My Plate stresses the healthy diet on the plate should be half filled with fruits and vegetables, a quarter of the plate should contain protein and a quarter of the plate should contain carbohydrates such as the grain group.
“This is a new way of envisioning eating healthy,” explained Long. “It does make healthy choices simpler. You can tell easier if you plate is filled with the correct choices.”
She also said that the program uses colors to help teach healthy diet choices. Green, for instance, is used to represent the half plate of fruit and vegetables. Participants are encouraged to eat foods of many different colors.
“Serving sizes are also important,” continued Long. “Sometimes it is not what you eat but how much. We stress to the children that it’s a plate not a platter.” Long said the course considers a nine and one-half inch diameter plate an average size plate.
“Generally, small is better,” said Long. “This makes it look like you have more food on the plate. Too many servings hanging over on our plates will give you a ‘hangover’ of body fat over our belts!” She said class participants are taught that having servings in proportion on a plate will also keep the body’s proportions balanced. She added that interested persons can visit the My Plate.gov website for more information.

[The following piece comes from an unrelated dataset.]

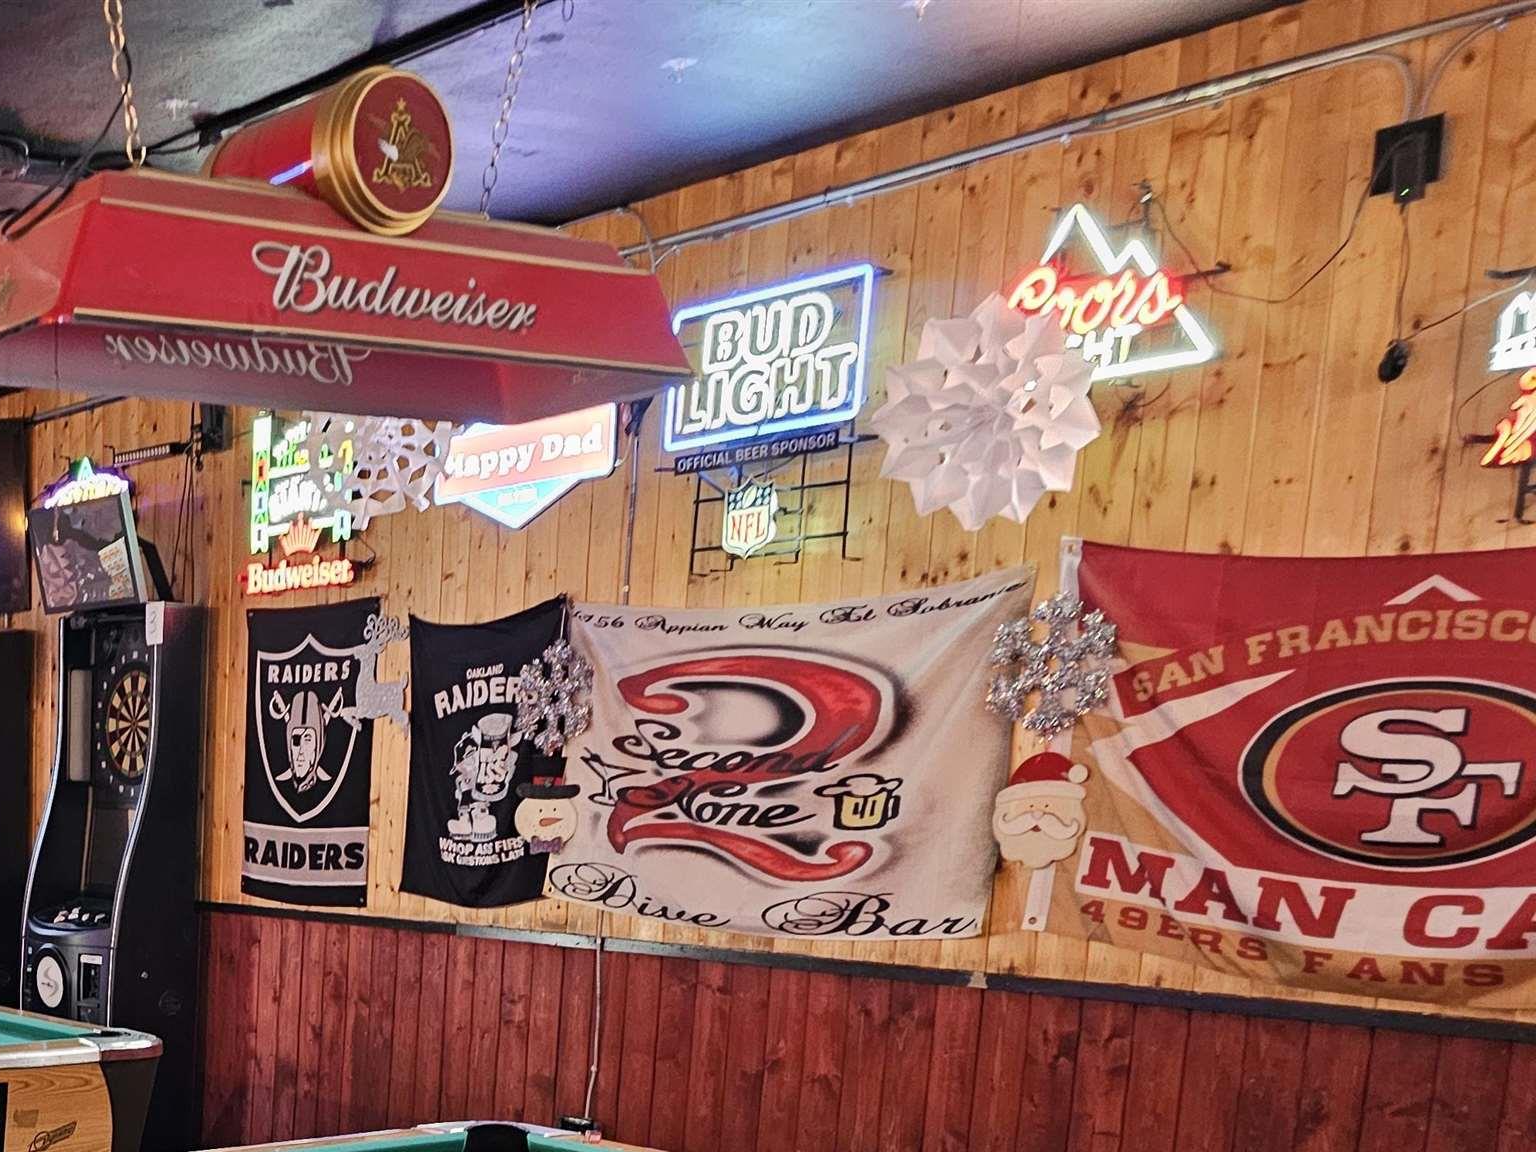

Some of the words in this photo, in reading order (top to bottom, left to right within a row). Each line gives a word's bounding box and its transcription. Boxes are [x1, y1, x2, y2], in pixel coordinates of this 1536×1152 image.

The class then moves on to the planing stages by looking at grocery fliers and identifying economical purchases. The groups then went to Food Lion in Dobson for a grocery tour and did comparison shopping for food they will later prepare for lunch.
Long said they discuss gardening at home as a means to supplement their diet economically. She also said they talk with the participants about how important it is to buy fruit and vegetables that are in season.
“Most things in season are tastier and less expensive,” said Long. “We spend time also telling them about what’s grown locally.” Peels and other plant remnants from preparing lunch are saved and composted on site.
The class wrapped up with representatives of Wells Fargo who spoke with the children about spending and saving and money management. Long said that Wells Fargo approached cooperative extension to see if there was a way to help with youth education.